Neither of my children care about anyone else - not their feelings, not their physical well-being, not their comfort, etc. I've seen kids who are naturally caring - mine are not. Even when they are not angry and have cooled down, don't care. I talk and talk and talk to them but listening and understanding is not happening. This has been going on for all the discipline years - oldest is 4.5.

I don't want to hit (seems illogical if you are trying to teach not hitting).

I don't want to yell to be heard - though that is happening more and more.

I don't want children that constantly (and I mean 10 of the 12 hours they are awake) are fighting/hitting/struggling with each other.

I don't want to control or coerce or force or any other word for it.

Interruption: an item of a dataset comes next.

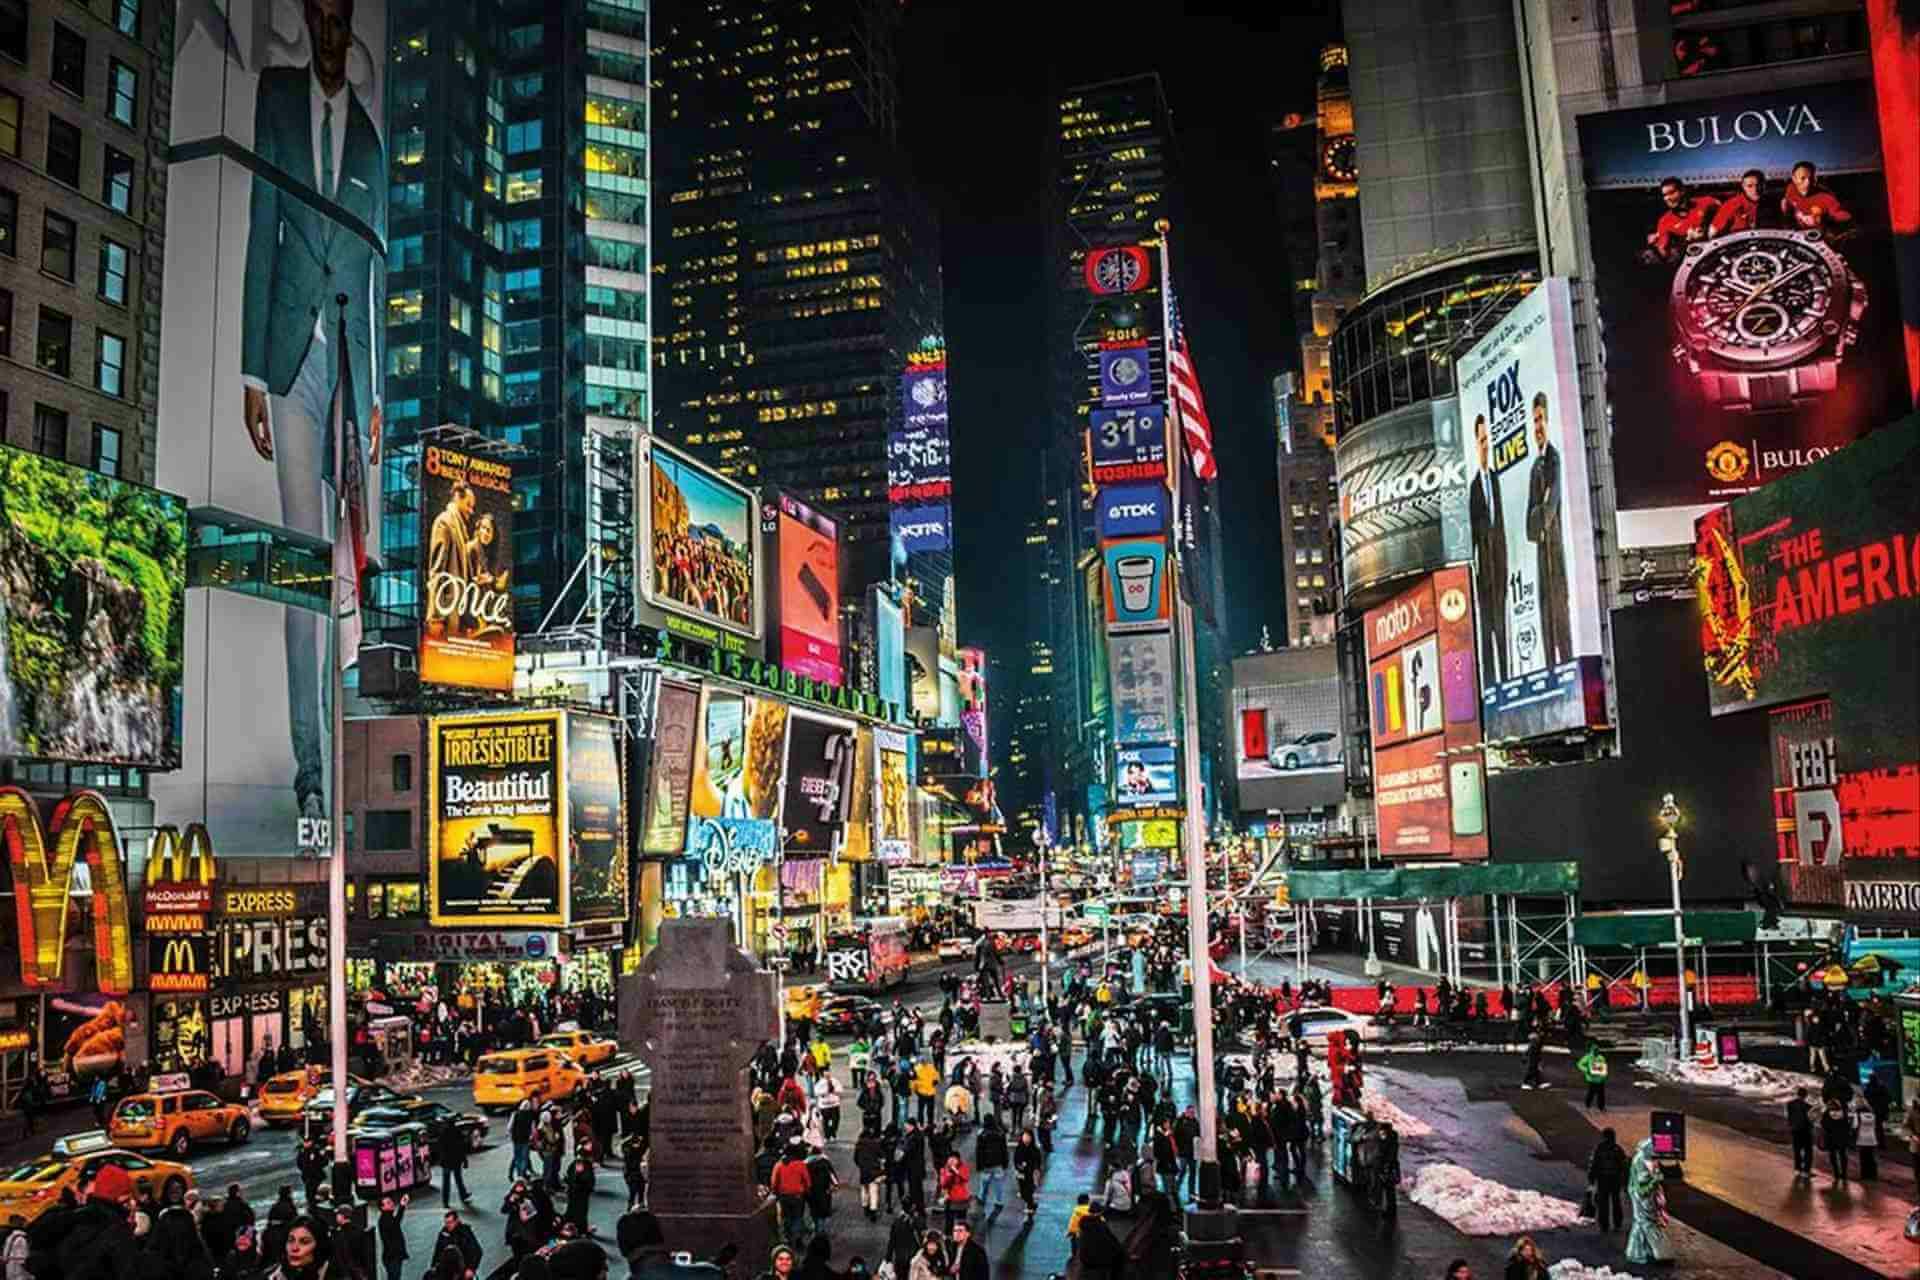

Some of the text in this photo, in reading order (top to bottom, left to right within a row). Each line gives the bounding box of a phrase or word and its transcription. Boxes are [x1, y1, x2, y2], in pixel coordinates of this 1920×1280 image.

Sometimes I think they should just be sent to military school (do they take toddlers/preschoolers?) and I can move on with my life. I feel useless, incompetent, disempowered. I am embarrassed when we are out and everyone can see the 'crazy woman' with the kids that do whatever they want/she has no control over them.

How are parents supposed to discipline (and yes, I mean teach) kids when there aren't any real or substantial consequences to use as a discipline tool?

I didn't realize being a parent would tear me completely apart because honestly, I wouldn't have become one if I knew this beforehand. Doesn't matter how much I love them.


----------



## ariatrance (Feb 12, 2009)

Okay, after a few minutes of thought I realize my post is harsh, if accurate. Most of my frustration lies with my oldest and I have actually started us on the slow path to getting an evaluation by a child psychologist. My 3 yr old is learning lots of bad habits/choices/attitudes from her brother but when she is alone, she does great - very caring, considerate and helpful, naturally so. But I can't live with them separately.


----------



## transylvania_mom (Oct 8, 2006)

I like what Barbara Coloroso says: let them suffer the consequences of their actions, as long as the actions are not immoral, unhealthy or life threatening. Then the parent should intervene.

I'm not letting my toddler run in the street and wait for natural consequences. I'm not letting the kids be unkind and hurtful to one another or to me, for me this falls under "immoral". If ds decides it's fun to be mean, I can create logical consequences (But this is something I do very, very rarely, ds is allowed to say no or to disagree with me as long as he is respectful.)

Good luck and







. It sounds like you had a tough day.


----------



## ariatrance (Feb 12, 2009)

But what is a logical consequence to being unkind/hurtful?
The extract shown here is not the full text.